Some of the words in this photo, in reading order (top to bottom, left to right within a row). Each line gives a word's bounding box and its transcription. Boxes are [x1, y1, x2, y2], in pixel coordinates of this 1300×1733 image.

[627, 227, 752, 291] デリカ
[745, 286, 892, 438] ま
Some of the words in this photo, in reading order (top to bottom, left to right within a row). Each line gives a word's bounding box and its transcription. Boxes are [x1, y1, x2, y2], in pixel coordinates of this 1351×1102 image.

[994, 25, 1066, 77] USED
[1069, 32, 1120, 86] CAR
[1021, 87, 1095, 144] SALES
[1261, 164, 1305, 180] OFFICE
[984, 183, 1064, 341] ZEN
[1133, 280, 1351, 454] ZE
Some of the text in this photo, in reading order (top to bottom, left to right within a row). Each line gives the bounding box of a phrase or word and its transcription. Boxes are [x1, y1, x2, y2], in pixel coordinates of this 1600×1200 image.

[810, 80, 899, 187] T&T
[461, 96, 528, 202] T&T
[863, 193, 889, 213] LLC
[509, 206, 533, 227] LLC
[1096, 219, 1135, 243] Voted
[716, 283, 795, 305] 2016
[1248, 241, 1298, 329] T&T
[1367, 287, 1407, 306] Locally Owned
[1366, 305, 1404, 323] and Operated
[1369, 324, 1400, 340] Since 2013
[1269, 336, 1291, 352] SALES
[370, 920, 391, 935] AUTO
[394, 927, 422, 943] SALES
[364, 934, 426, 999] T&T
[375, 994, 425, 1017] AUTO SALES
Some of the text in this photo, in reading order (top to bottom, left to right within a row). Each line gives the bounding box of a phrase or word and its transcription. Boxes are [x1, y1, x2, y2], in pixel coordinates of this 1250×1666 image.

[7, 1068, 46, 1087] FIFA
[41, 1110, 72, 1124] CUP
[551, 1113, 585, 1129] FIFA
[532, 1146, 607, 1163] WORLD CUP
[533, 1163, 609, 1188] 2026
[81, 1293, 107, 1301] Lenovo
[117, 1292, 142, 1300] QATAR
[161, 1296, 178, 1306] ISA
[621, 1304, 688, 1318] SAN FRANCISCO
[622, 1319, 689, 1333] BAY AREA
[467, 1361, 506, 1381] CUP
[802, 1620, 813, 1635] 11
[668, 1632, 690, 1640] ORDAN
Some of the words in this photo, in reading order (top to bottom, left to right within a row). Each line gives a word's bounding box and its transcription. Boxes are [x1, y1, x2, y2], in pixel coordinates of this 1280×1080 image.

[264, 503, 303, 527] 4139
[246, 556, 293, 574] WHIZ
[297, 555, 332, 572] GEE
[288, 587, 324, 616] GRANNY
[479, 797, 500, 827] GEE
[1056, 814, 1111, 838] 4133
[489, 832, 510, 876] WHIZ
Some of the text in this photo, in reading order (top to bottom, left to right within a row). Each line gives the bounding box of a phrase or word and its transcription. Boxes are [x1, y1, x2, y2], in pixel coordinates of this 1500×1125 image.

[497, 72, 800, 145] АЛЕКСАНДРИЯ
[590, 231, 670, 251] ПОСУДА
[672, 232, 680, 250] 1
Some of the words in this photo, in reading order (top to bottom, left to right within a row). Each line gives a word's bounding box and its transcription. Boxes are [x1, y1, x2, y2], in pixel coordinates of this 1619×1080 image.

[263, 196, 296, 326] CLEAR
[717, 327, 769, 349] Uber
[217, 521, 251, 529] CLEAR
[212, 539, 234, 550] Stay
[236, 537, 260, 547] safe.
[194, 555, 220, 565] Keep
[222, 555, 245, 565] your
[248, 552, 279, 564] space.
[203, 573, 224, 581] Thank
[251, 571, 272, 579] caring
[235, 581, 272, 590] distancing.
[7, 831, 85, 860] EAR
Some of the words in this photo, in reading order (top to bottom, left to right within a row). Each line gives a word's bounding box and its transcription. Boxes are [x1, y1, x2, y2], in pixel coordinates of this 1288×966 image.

* Exercise directions:
Would you transcribe every entry exactly?

* Output for this exercise:
Some of the words in this photo, in reading order (top to bottom, left to right within a row). Each line gives a word's bounding box and its transcription. Boxes are [x1, y1, x2, y2], in pixel coordinates of this 1300×1733 image.

[627, 227, 752, 291] デリカ
[745, 286, 892, 438] ま
Some of the words in this photo, in reading order (top to bottom, left to right within a row). Each line gives a word's bounding box and its transcription. Boxes are [x1, y1, x2, y2], in pixel coordinates of this 1351×1102 image.

[994, 25, 1066, 77] USED
[1069, 32, 1120, 86] CAR
[1021, 87, 1095, 144] SALES
[1261, 164, 1305, 180] OFFICE
[984, 183, 1064, 341] ZEN
[1133, 280, 1351, 454] ZE
Some of the text in this photo, in reading order (top to bottom, left to right within a row). Each line gives the bounding box of a phrase or word and its transcription. Boxes are [x1, y1, x2, y2], in pixel coordinates of this 1600×1200 image.

[810, 80, 899, 187] T&T
[461, 96, 528, 202] T&T
[863, 193, 889, 213] LLC
[509, 206, 533, 227] LLC
[1096, 219, 1135, 243] Voted
[716, 283, 795, 305] 2016
[1248, 241, 1298, 329] T&T
[1367, 287, 1407, 306] Locally Owned
[1366, 305, 1404, 323] and Operated
[1369, 324, 1400, 340] Since 2013
[1269, 336, 1291, 352] SALES
[370, 920, 391, 935] AUTO
[394, 927, 422, 943] SALES
[364, 934, 426, 999] T&T
[375, 994, 425, 1017] AUTO SALES
Some of the text in this photo, in reading order (top to bottom, left to right within a row). Each line gives the bounding box of a phrase or word and its transcription. Boxes are [x1, y1, x2, y2], in pixel coordinates of this 1250×1666 image.

[7, 1068, 46, 1087] FIFA
[41, 1110, 72, 1124] CUP
[551, 1113, 585, 1129] FIFA
[532, 1146, 607, 1163] WORLD CUP
[533, 1163, 609, 1188] 2026
[81, 1293, 107, 1301] Lenovo
[117, 1292, 142, 1300] QATAR
[161, 1296, 178, 1306] ISA
[621, 1304, 688, 1318] SAN FRANCISCO
[622, 1319, 689, 1333] BAY AREA
[467, 1361, 506, 1381] CUP
[802, 1620, 813, 1635] 11
[668, 1632, 690, 1640] ORDAN
Some of the words in this photo, in reading order (top to bottom, left to right within a row). Each line gives a word's bounding box and its transcription. Boxes are [x1, y1, x2, y2], in pixel coordinates of this 1280×1080 image.

[264, 503, 303, 527] 4139
[246, 556, 293, 574] WHIZ
[297, 555, 332, 572] GEE
[288, 587, 324, 616] GRANNY
[479, 797, 500, 827] GEE
[1056, 814, 1111, 838] 4133
[489, 832, 510, 876] WHIZ
Some of the text in this photo, in reading order (top to bottom, left to right within a row). Each line gives the bounding box of a phrase or word and its transcription. Boxes are [x1, y1, x2, y2], in pixel coordinates of this 1500×1125 image.

[497, 72, 800, 145] АЛЕКСАНДРИЯ
[590, 231, 670, 251] ПОСУДА
[672, 232, 680, 250] 1
Some of the words in this photo, in reading order (top to bottom, left to right within a row). Each line gives a word's bounding box and its transcription. Boxes are [x1, y1, x2, y2], in pixel coordinates of this 1619×1080 image.

[263, 196, 296, 326] CLEAR
[717, 327, 769, 349] Uber
[217, 521, 251, 529] CLEAR
[212, 539, 234, 550] Stay
[236, 537, 260, 547] safe.
[194, 555, 220, 565] Keep
[222, 555, 245, 565] your
[248, 552, 279, 564] space.
[203, 573, 224, 581] Thank
[251, 571, 272, 579] caring
[235, 581, 272, 590] distancing.
[7, 831, 85, 860] EAR
Some of the words in this photo, in reading order (top to bottom, left to right within a row). Each line gives a word's bounding box and its transcription. Boxes are [x1, y1, x2, y2], in pixel coordinates of this 1288×966 image.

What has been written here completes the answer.